Nozaki Island is a long narrow island, extending 6 km from north to south and 1.5 km east to west, located in the northern part of the Goto Islands territory. It consists of steeply sloping terrain surrounded by cliffs, except for some gentle slopes in the central part of the island. The island includes the Okinokojima Shrine with which the Hidden Christians were outwardly affiliated in order to hide their secret faith, the residence of the Shinto priests who managed the shrine, the sites of farmlands and houses made by Hidden Christian migrants. The sites of leaders’ houses and graveyards of Hidden Christian communities as well as the sites of churches constructed after the lifting of the ban also remain on the island.
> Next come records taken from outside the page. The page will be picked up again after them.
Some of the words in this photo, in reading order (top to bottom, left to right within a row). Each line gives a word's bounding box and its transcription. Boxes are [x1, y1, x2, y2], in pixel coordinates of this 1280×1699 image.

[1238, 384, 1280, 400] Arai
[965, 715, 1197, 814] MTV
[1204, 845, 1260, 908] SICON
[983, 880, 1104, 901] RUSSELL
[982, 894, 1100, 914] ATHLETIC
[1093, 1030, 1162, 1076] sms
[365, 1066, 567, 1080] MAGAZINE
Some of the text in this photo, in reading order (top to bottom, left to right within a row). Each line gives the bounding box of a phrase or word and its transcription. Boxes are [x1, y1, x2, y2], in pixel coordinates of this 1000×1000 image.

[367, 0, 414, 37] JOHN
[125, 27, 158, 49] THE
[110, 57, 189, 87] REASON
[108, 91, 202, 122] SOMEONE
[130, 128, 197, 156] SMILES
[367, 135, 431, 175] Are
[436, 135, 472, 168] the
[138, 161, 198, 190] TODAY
The Okinokojima Shrine is situated in the northern part of the island. Behind the shrine, there is a formation of two volcanic stone pillars (24 m in height and 12 m in width), topped by a huge stone called the Oeishi (5.3 m in length, and 3 m in width and 1.2 m in height). Since ancient times, the shrine and the Oeishi have been venerated as the seat of a guardian deity of maritime safety by Shinto practitioners throughout the Goto Islands. Since Nozaki Island was considered such a sacred place for Shinto practitioners, there were hardly any settlements established there.

As the island is small with precipitous cliffs extending along most of its shoreline, human settlement only occurred in the Nozaki area on the eastern coast of the central part until the 19th century. About twenty houses and the residence of Shinto priests were built there. The Shinto priests were also appointed as administrative officials by the Hirado clan, and had ruled the entire island. According to the records kept in the shrine, the number of households on the island doubled in the middle of the 19th century. This attests to the migration of Hidden Christians to the island during those years.
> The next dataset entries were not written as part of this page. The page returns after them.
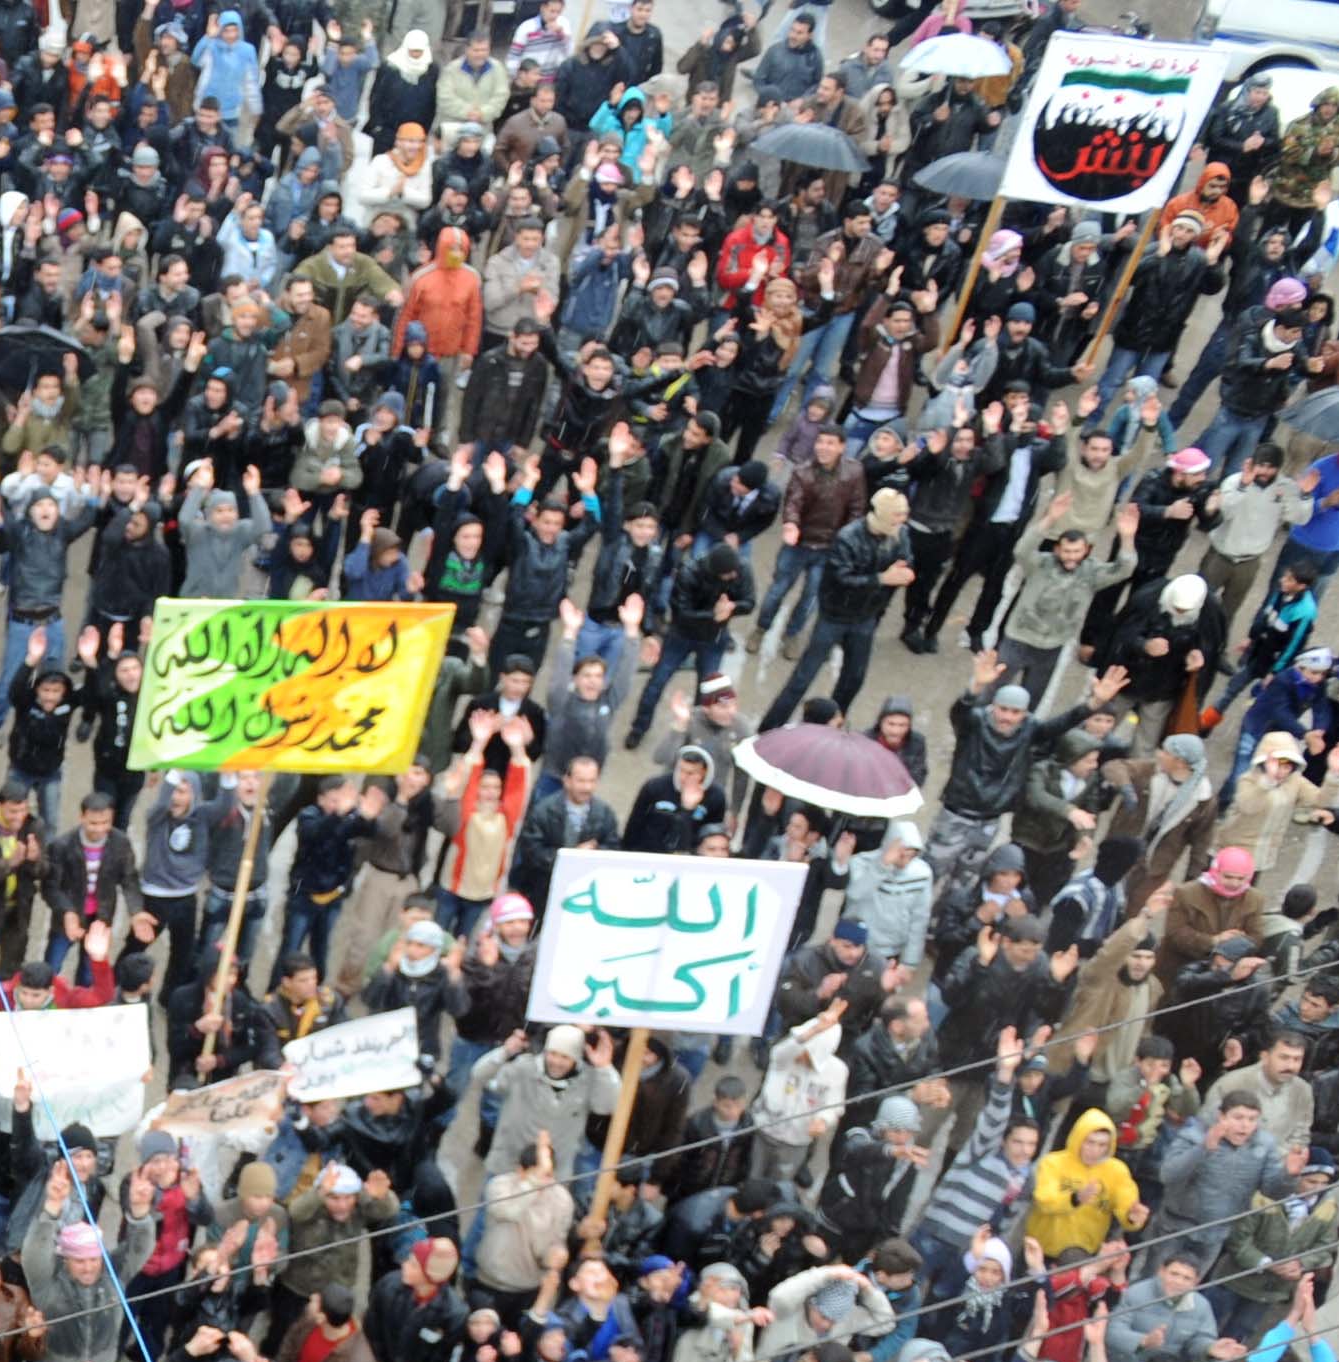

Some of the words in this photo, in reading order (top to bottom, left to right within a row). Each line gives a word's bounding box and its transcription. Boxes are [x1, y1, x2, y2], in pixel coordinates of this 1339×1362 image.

[1038, 128, 1169, 187] بنش
[153, 612, 230, 677] الله
[356, 621, 398, 673] لا
[149, 687, 237, 743] الله
[243, 694, 326, 749] رسول
[306, 707, 386, 751] محمد
The Hidden Christians who migrated to the island in the 19th century outwardly followed the practices of the Okinokojima Shrine and participated in Shinto rituals. They were also affiliated with a Buddhist temple on Ojika Island. They regularly attended the Efumi ceremony and concealed their secret faith as Hidden Christians by trampling on an image of Christ or the Virgin Mary.

The Hidden Christians migrated to the Nokubi area in the central part of the island (establishing Nokubi Village), as well as to the Funamori area at the southern tip of the island (establishing Funamori Village); neither area had been inhabited prior to the migration. The Hidden Christians were not allowed to collect wood, but they managed to make the steep difficult slopes usable, developing narrow plots of flat land by building stone retaining walls for residential space and cultivation, and creating plots which to grow potatoes and wheat.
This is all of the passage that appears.